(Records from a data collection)
- Opening Delimiter -
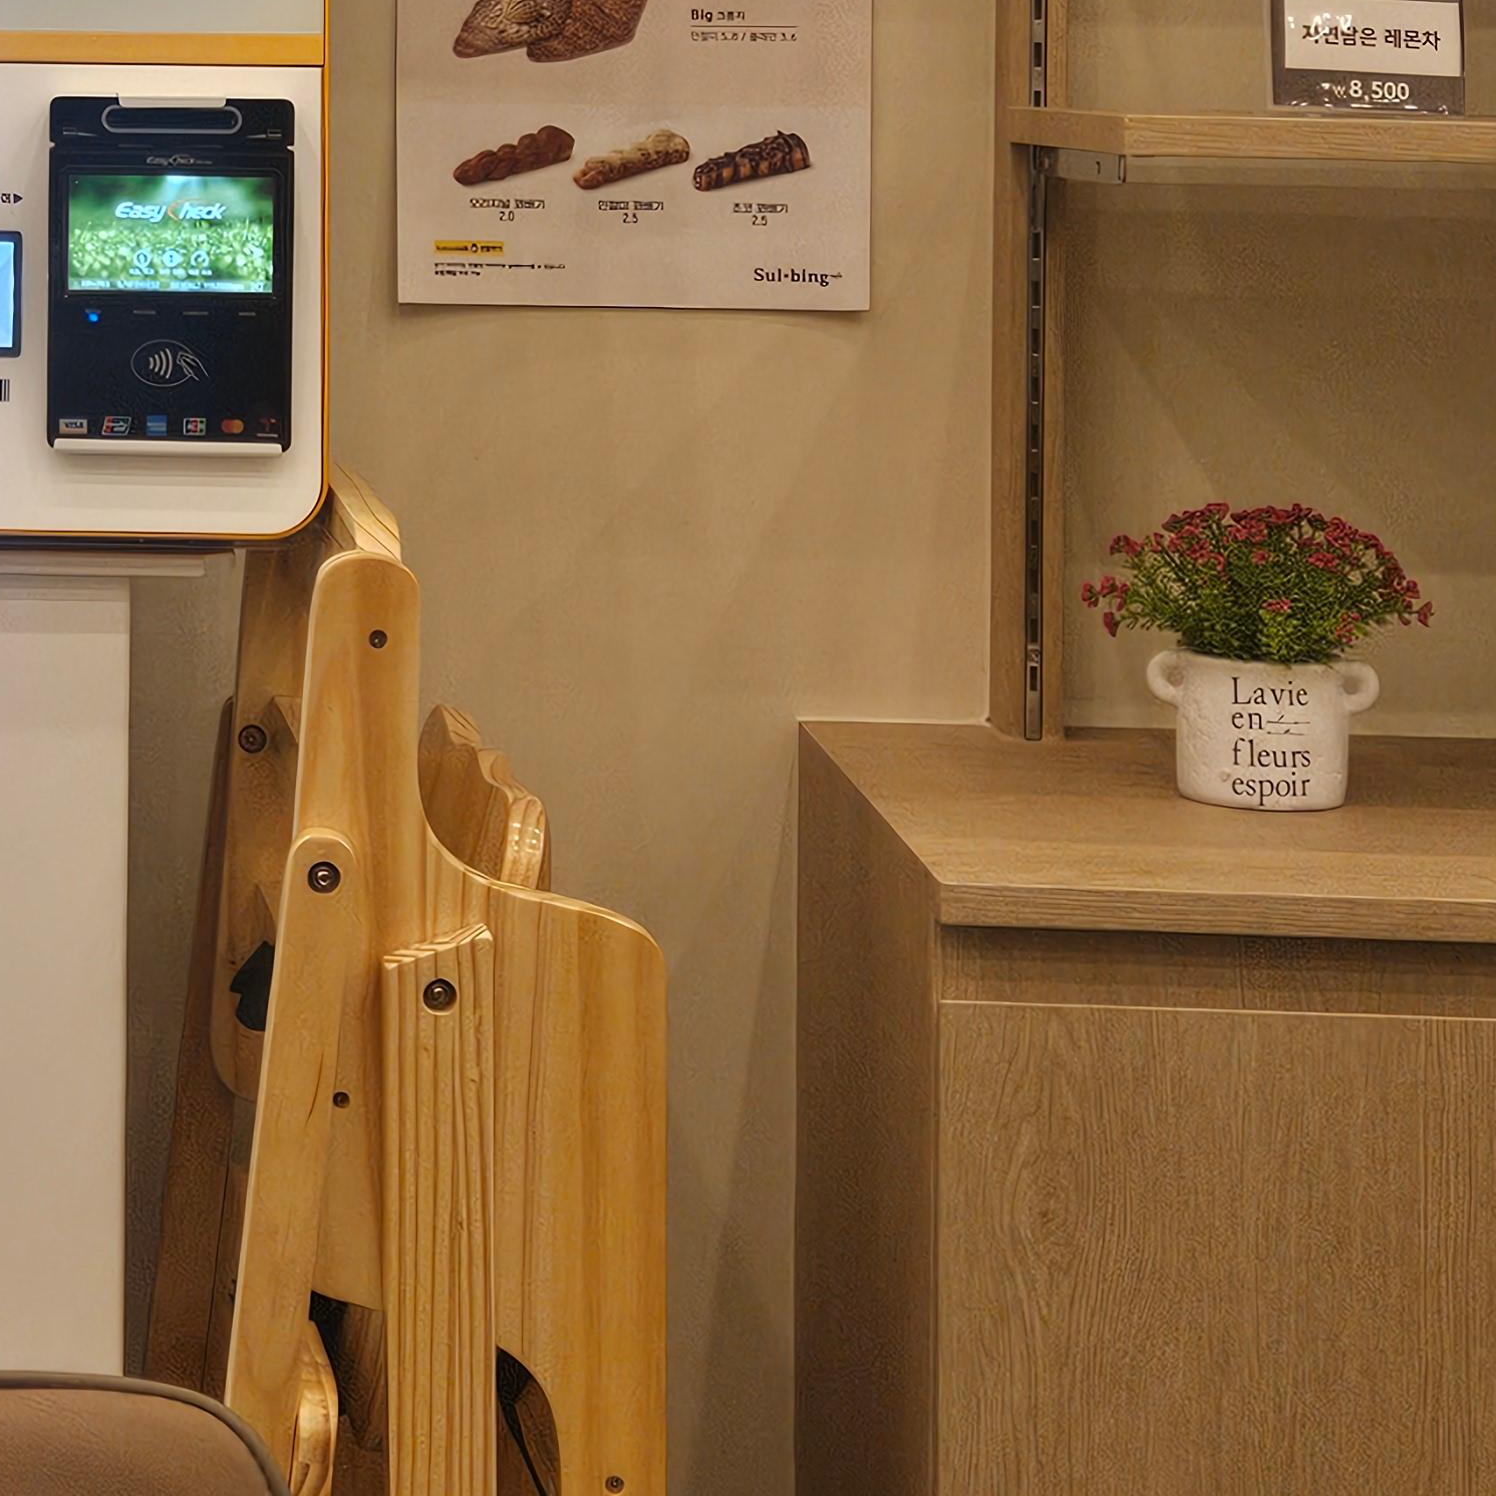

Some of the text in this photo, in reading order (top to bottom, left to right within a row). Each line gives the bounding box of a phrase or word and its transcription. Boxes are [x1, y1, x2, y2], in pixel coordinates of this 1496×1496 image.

[691, 8, 714, 22] Big
[1384, 28, 1442, 52] 레몬차
[499, 210, 515, 222] 2.0
[1231, 711, 1264, 730] en
[1232, 738, 1312, 768] fleurs
[1231, 771, 1312, 806] espoir
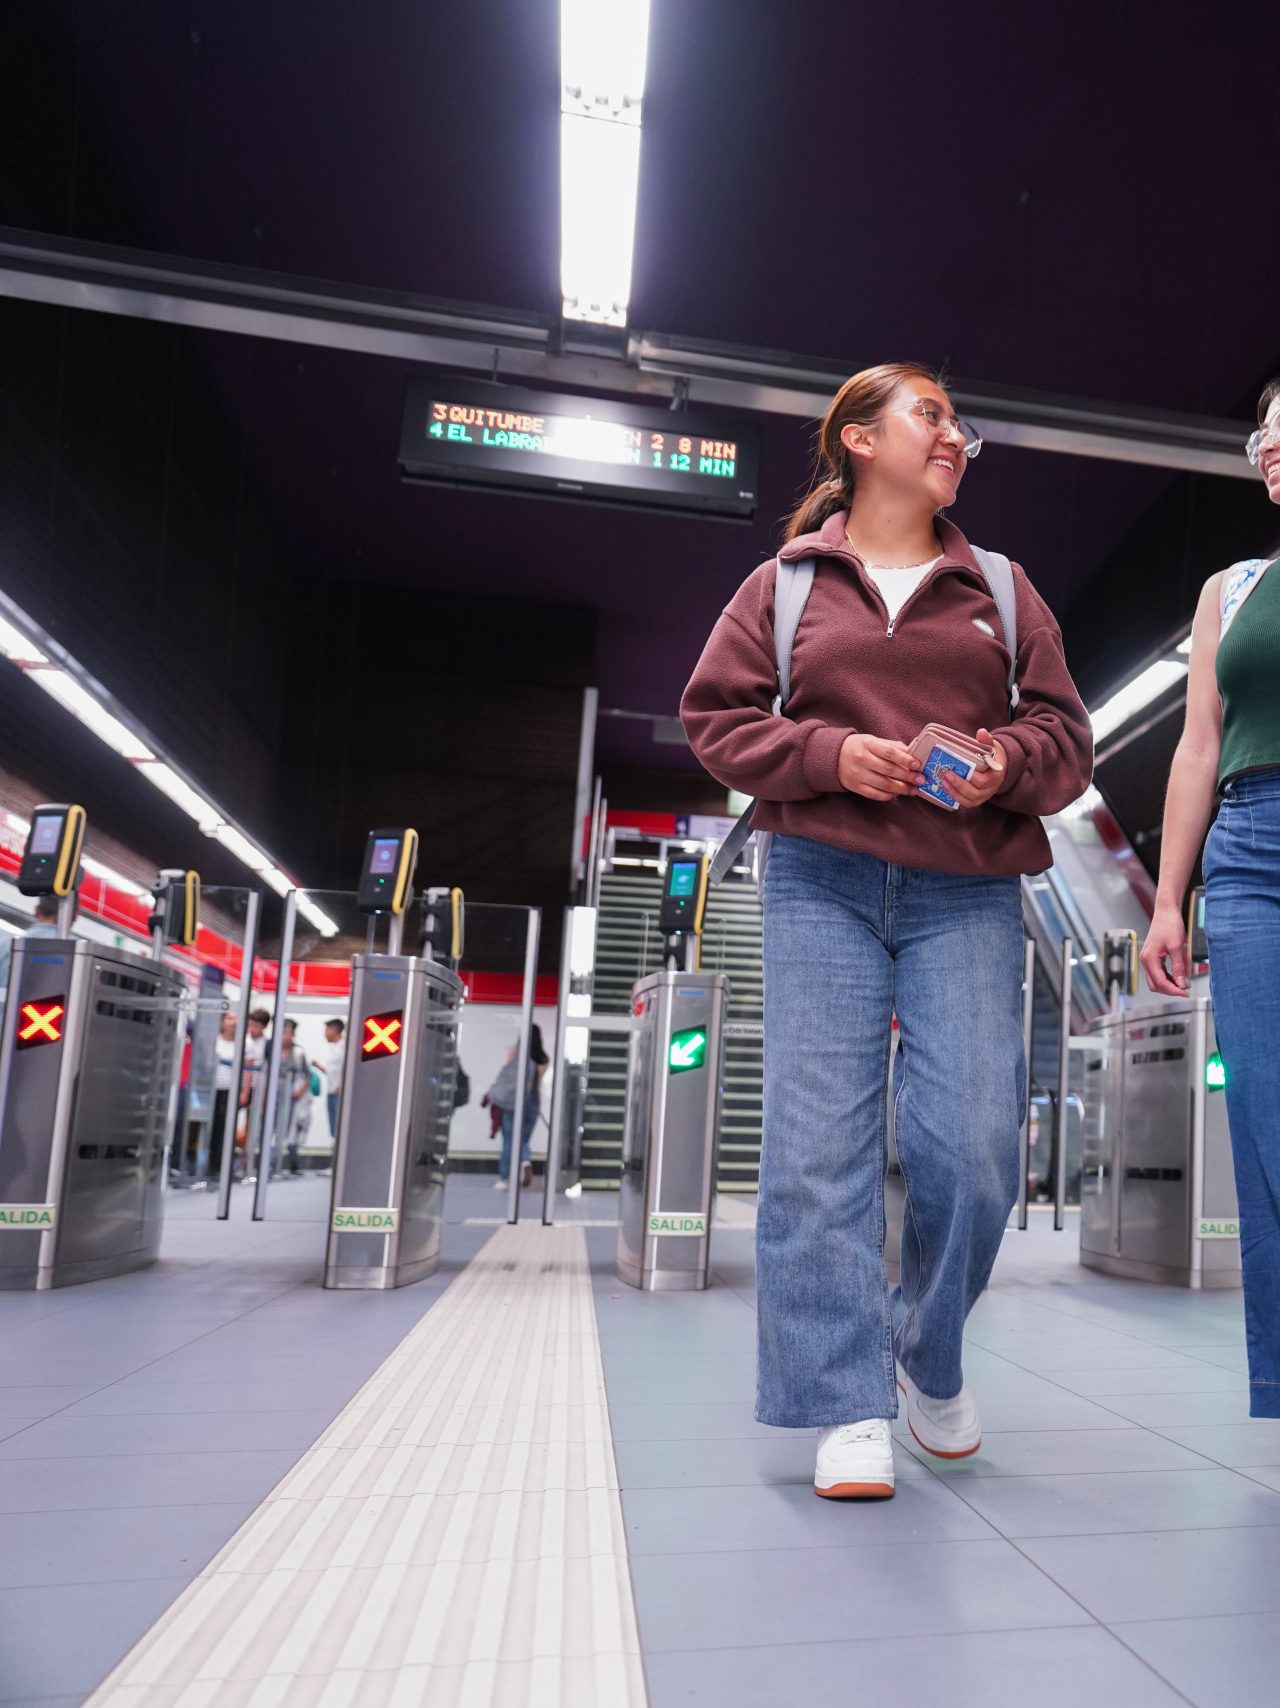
- Closing Delimiter -
* [Prompt] Output the data above exactly. Drop every picture.

* [Answer space]
Some of the text in this photo, in reading order (top to bottom, left to right within a row). Each line gives the bounding box of a phrase or word and its transcription. Boxes are [x1, y1, x2, y2], in pixel coordinates of this 1496×1496 image.

[691, 8, 714, 22] Big
[1384, 28, 1442, 52] 레몬차
[499, 210, 515, 222] 2.0
[1231, 711, 1264, 730] en
[1232, 738, 1312, 768] fleurs
[1231, 771, 1312, 806] espoir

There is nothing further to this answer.